» **WHAT TO DO**
Set down each line of the material that follows exactly, and leave its pictures out.

○ ○ ○

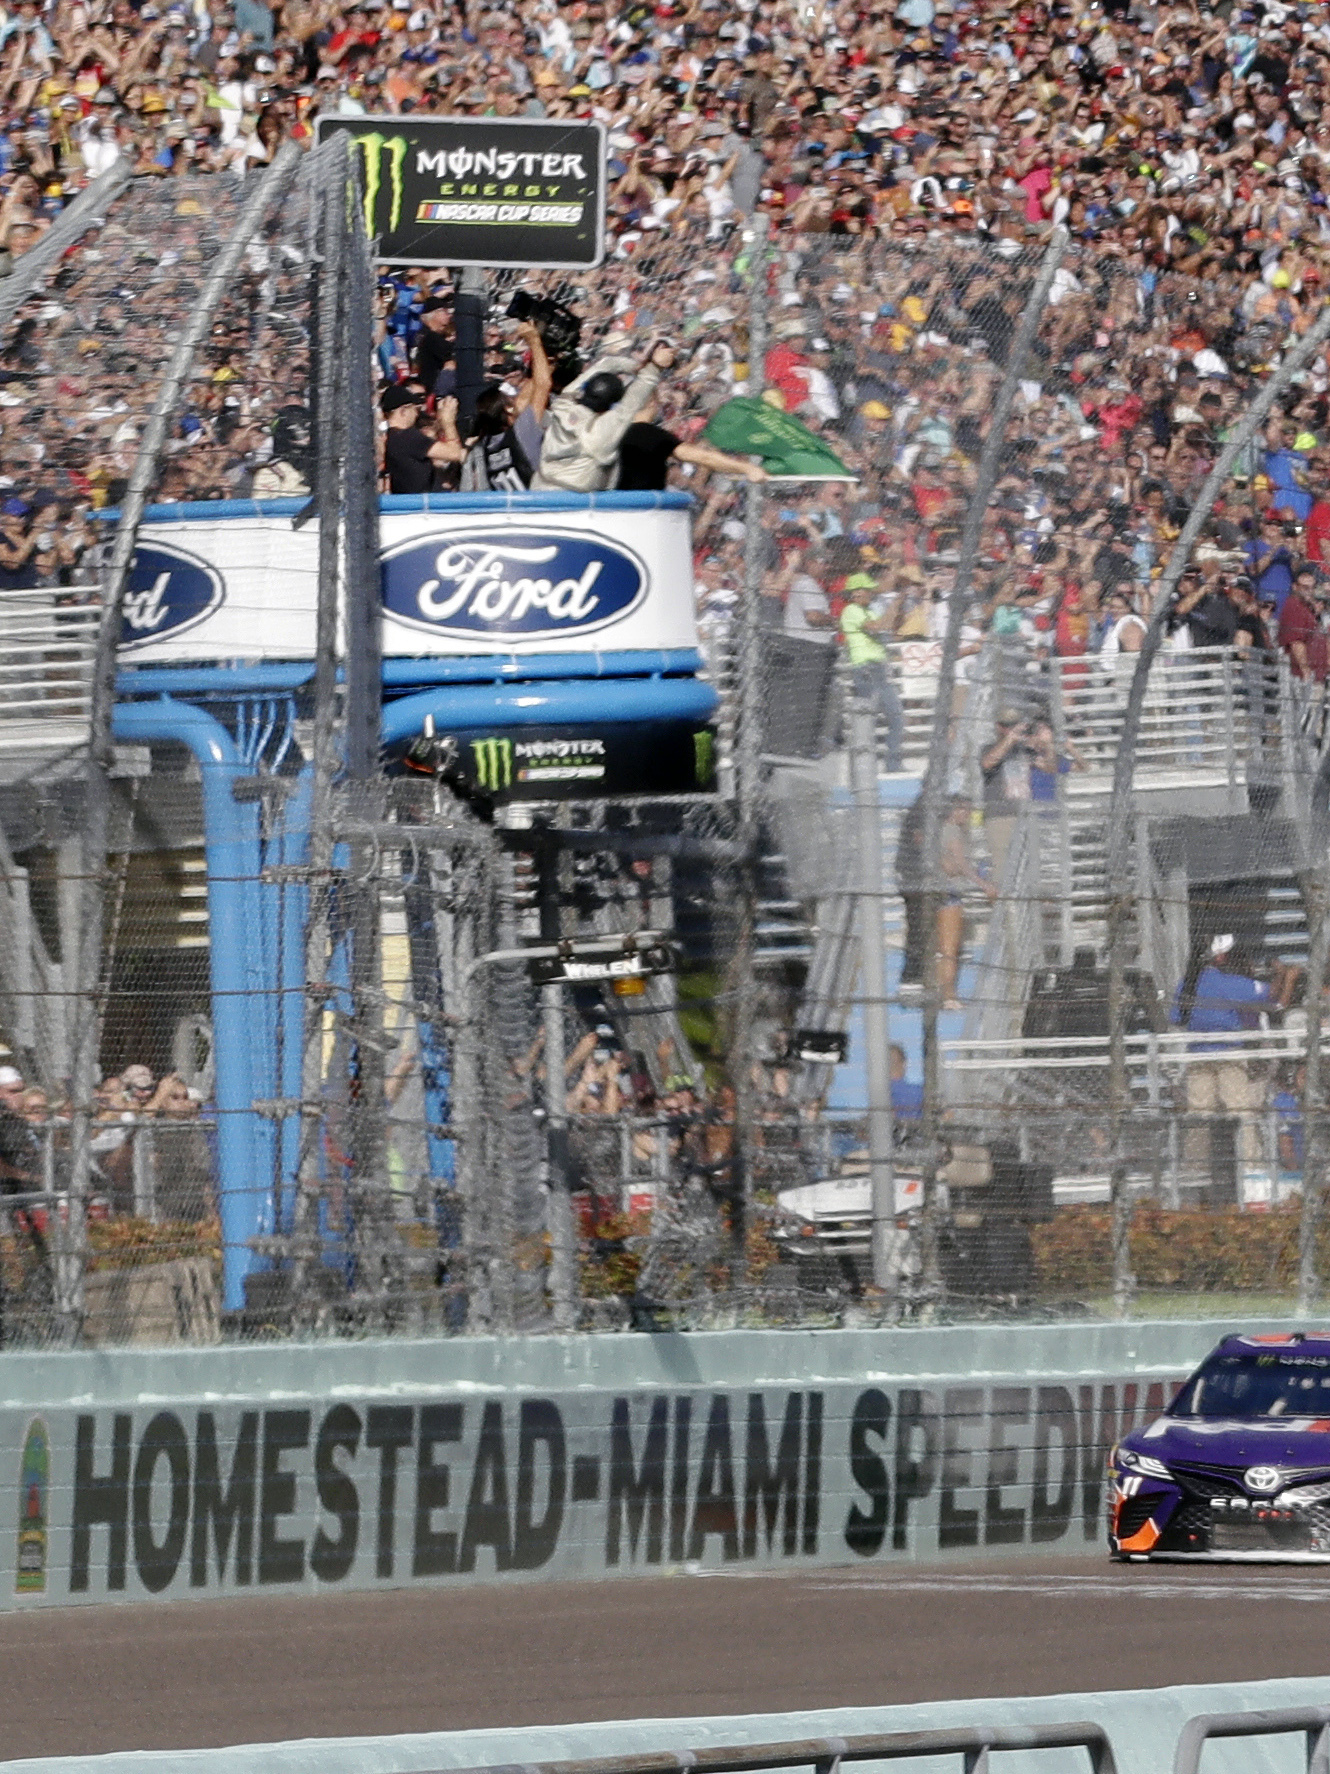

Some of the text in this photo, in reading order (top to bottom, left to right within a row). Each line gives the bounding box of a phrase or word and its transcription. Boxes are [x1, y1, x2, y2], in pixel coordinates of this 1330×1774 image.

[416, 146, 587, 179] MONSTER
[440, 183, 561, 197] ENERGY
[437, 203, 584, 223] NASCAR CUP SERIES
[417, 542, 605, 621] Ford
[69, 1383, 1188, 1594] HOMESTEAD-MIAMI SPEEDW
[1122, 1476, 1144, 1497] 11
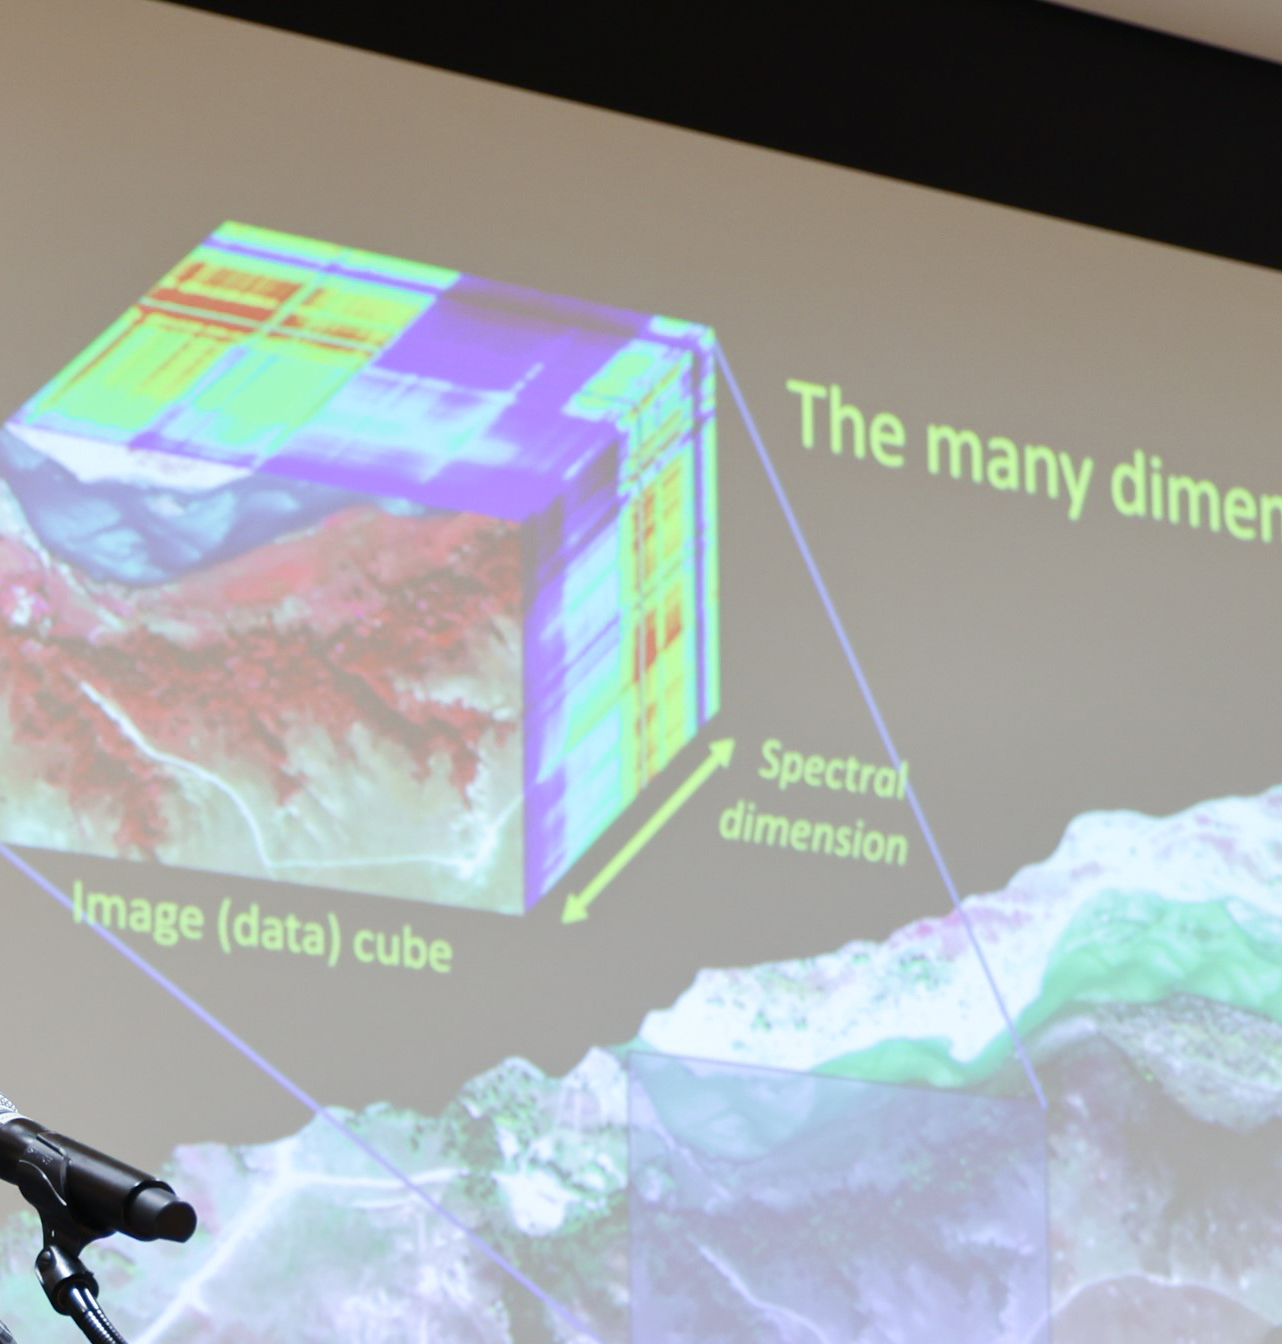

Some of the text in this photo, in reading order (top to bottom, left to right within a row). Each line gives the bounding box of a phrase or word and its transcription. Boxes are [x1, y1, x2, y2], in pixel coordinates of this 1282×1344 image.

[786, 378, 906, 467] The
[927, 423, 1093, 522] many
[758, 738, 909, 800] Spectral
[719, 798, 908, 867] dimension
[73, 879, 453, 973] Image (data) cube

○ ○ ○

» **WRITTEN REPLY**
Some of the text in this photo, in reading order (top to bottom, left to right within a row). Each line gives the bounding box of a phrase or word and its transcription. Boxes are [x1, y1, x2, y2], in pixel coordinates of this 1330×1774 image.

[416, 146, 587, 179] MONSTER
[440, 183, 561, 197] ENERGY
[437, 203, 584, 223] NASCAR CUP SERIES
[417, 542, 605, 621] Ford
[69, 1383, 1188, 1594] HOMESTEAD-MIAMI SPEEDW
[1122, 1476, 1144, 1497] 11

Some of the text in this photo, in reading order (top to bottom, left to right within a row). Each line gives the bounding box of a phrase or word and its transcription. Boxes are [x1, y1, x2, y2], in pixel coordinates of this 1282×1344 image.

[786, 378, 906, 467] The
[927, 423, 1093, 522] many
[758, 738, 909, 800] Spectral
[719, 798, 908, 867] dimension
[73, 879, 453, 973] Image (data) cube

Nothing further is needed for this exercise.